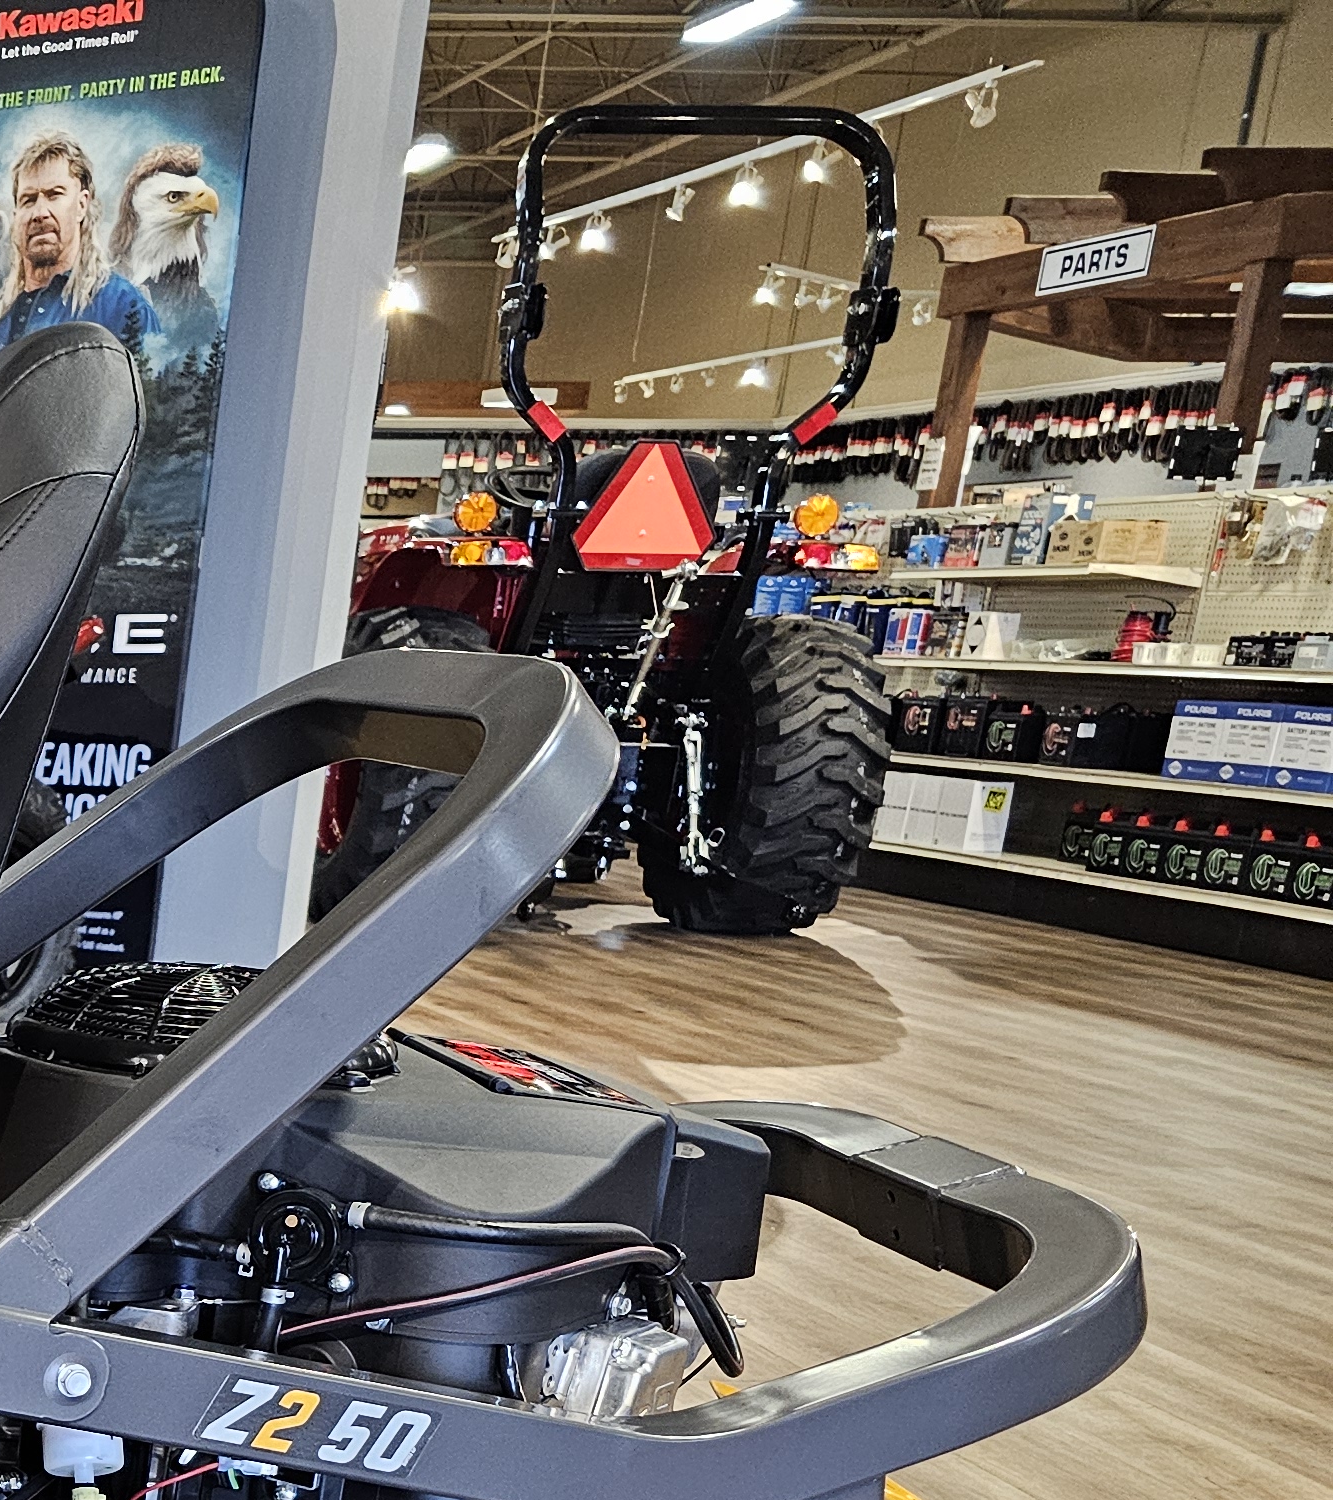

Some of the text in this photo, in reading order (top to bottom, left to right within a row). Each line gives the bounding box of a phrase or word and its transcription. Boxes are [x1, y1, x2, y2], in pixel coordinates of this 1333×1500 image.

[1, 46, 20, 59] Let
[21, 43, 40, 57] the
[42, 38, 73, 55] Good
[74, 34, 109, 50] Times
[26, 85, 76, 106] FRONT.
[80, 78, 126, 99] PARTY
[129, 74, 145, 93] IN
[149, 71, 177, 91] THE
[180, 66, 226, 87] BACK.
[1060, 243, 1129, 279] PARTS
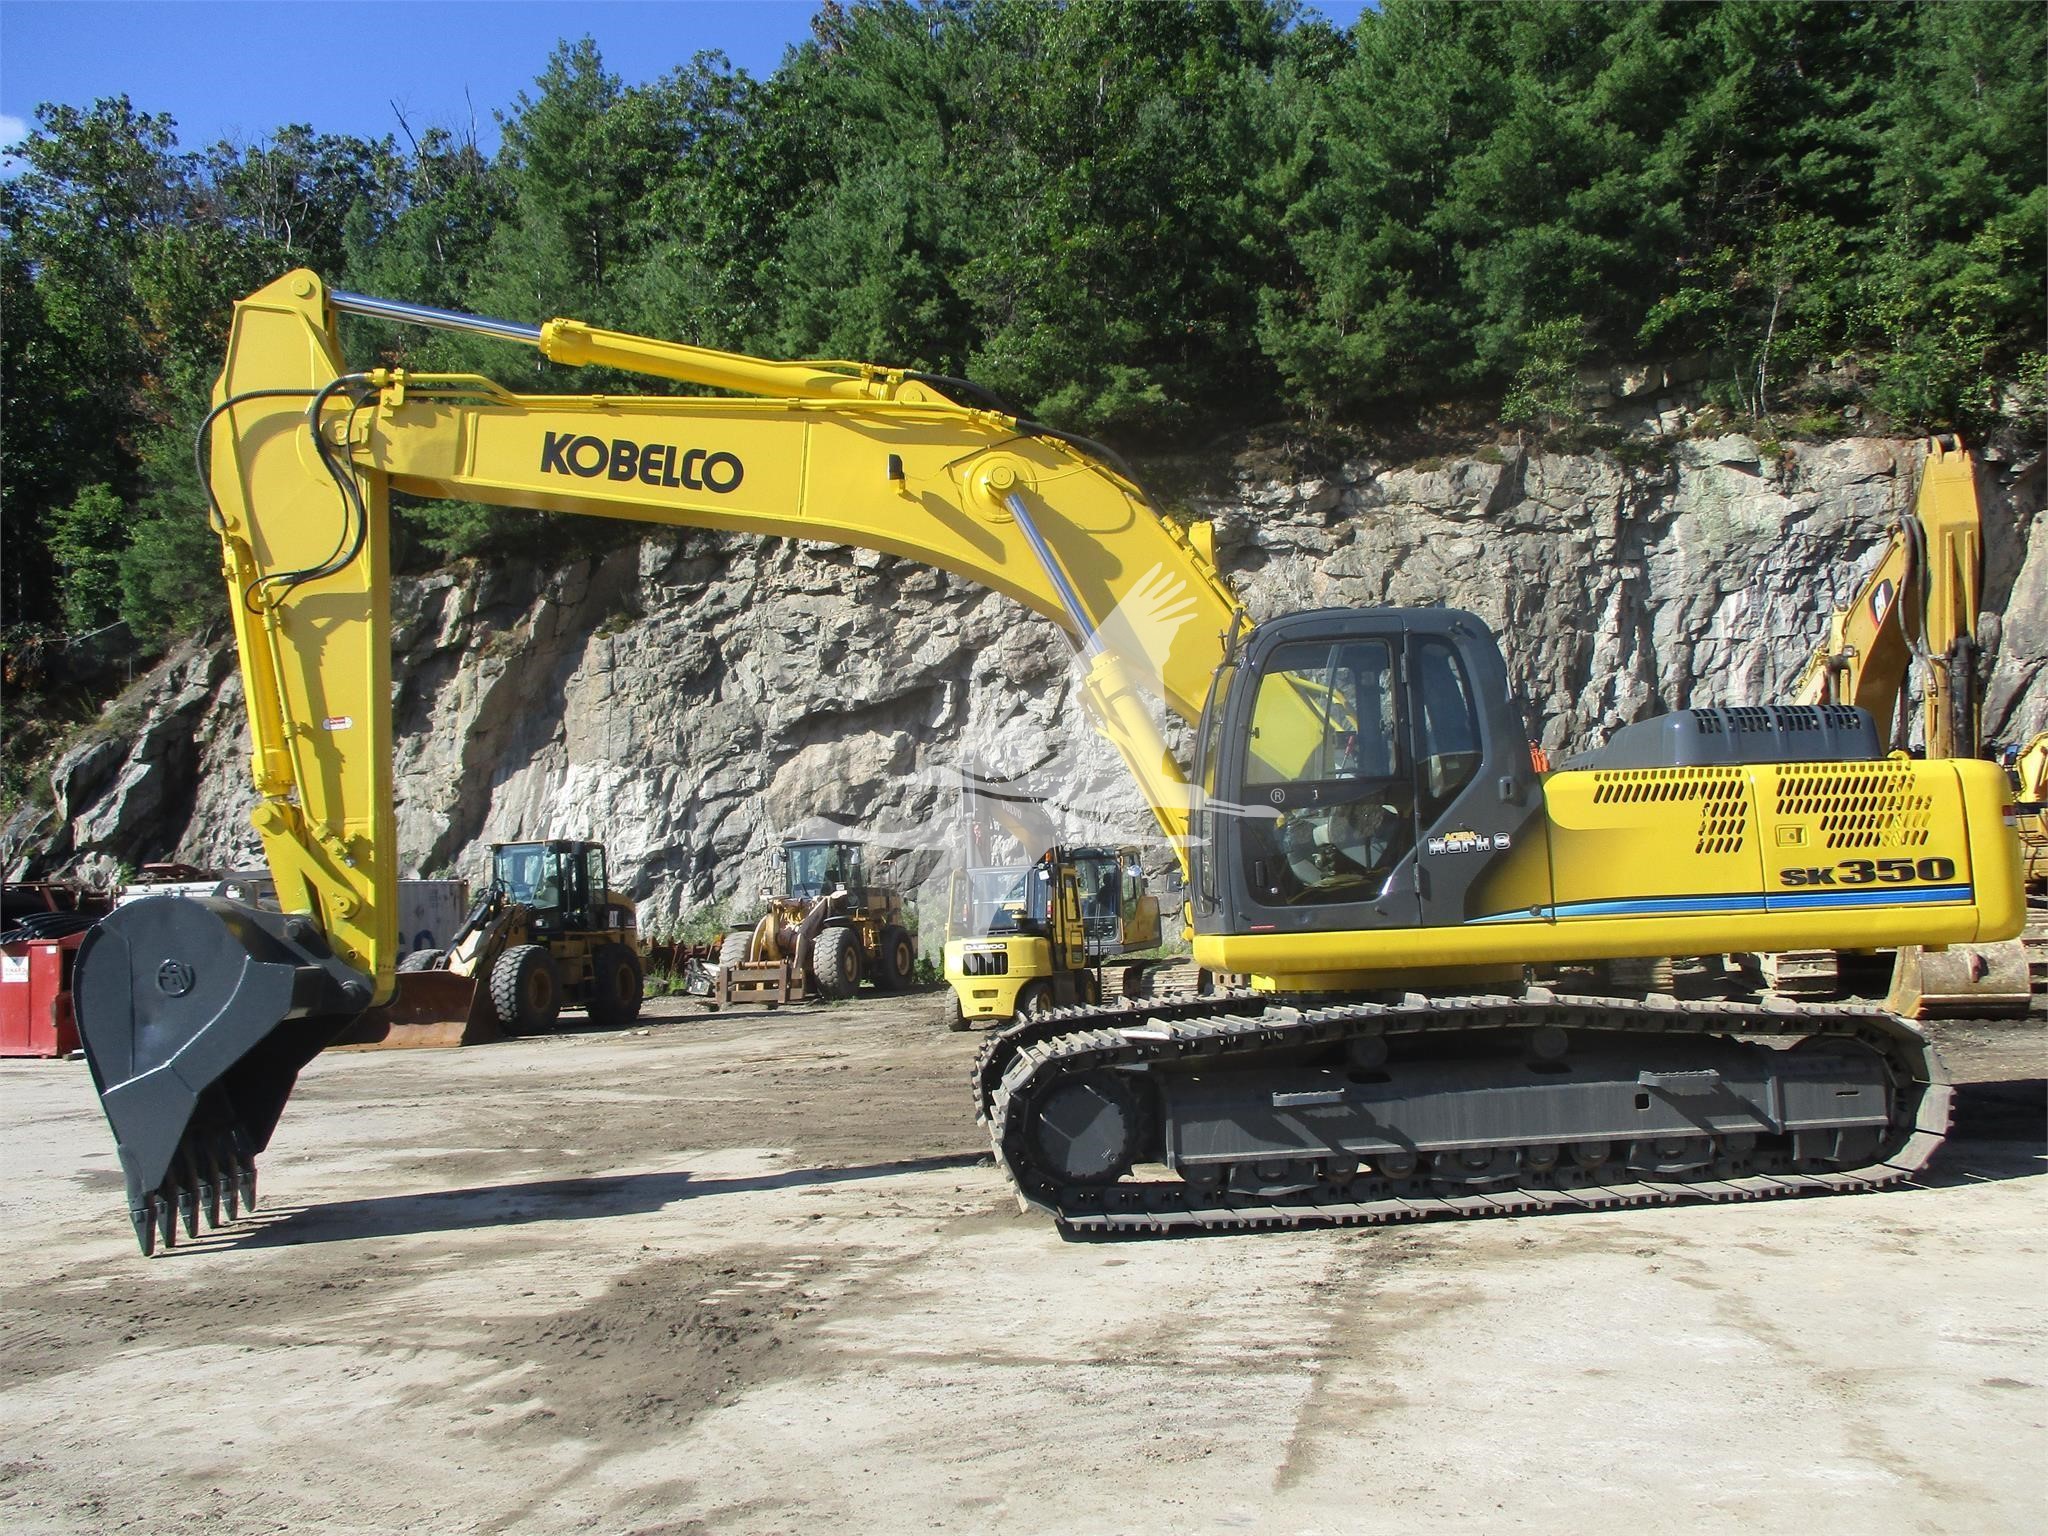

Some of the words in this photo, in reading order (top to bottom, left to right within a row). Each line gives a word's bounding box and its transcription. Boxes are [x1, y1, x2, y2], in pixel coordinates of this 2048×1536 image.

[540, 431, 744, 493] KOBELCO
[1428, 834, 1491, 855] Mark
[1493, 832, 1511, 850] 8
[1779, 857, 1955, 886] SK350
[965, 943, 1006, 951] DAEWOO
-*-
**EXERCISE GOAL:**
Every entry above is to be transcribed exactly, with all pictures left out.

**REPLY TO THE TASK:**
Some of the text in this photo, in reading order (top to bottom, left to right within a row). Each line gives the bounding box of a phrase or word and its transcription. Boxes are [x1, y1, x2, y2], in pixel coordinates of this 1333×1500 image.

[1, 46, 20, 59] Let
[21, 43, 40, 57] the
[42, 38, 73, 55] Good
[74, 34, 109, 50] Times
[26, 85, 76, 106] FRONT.
[80, 78, 126, 99] PARTY
[129, 74, 145, 93] IN
[149, 71, 177, 91] THE
[180, 66, 226, 87] BACK.
[1060, 243, 1129, 279] PARTS

Some of the words in this photo, in reading order (top to bottom, left to right within a row). Each line gives a word's bounding box and its transcription. Boxes are [x1, y1, x2, y2], in pixel coordinates of this 2048×1536 image.

[540, 431, 744, 493] KOBELCO
[1428, 834, 1491, 855] Mark
[1493, 832, 1511, 850] 8
[1779, 857, 1955, 886] SK350
[965, 943, 1006, 951] DAEWOO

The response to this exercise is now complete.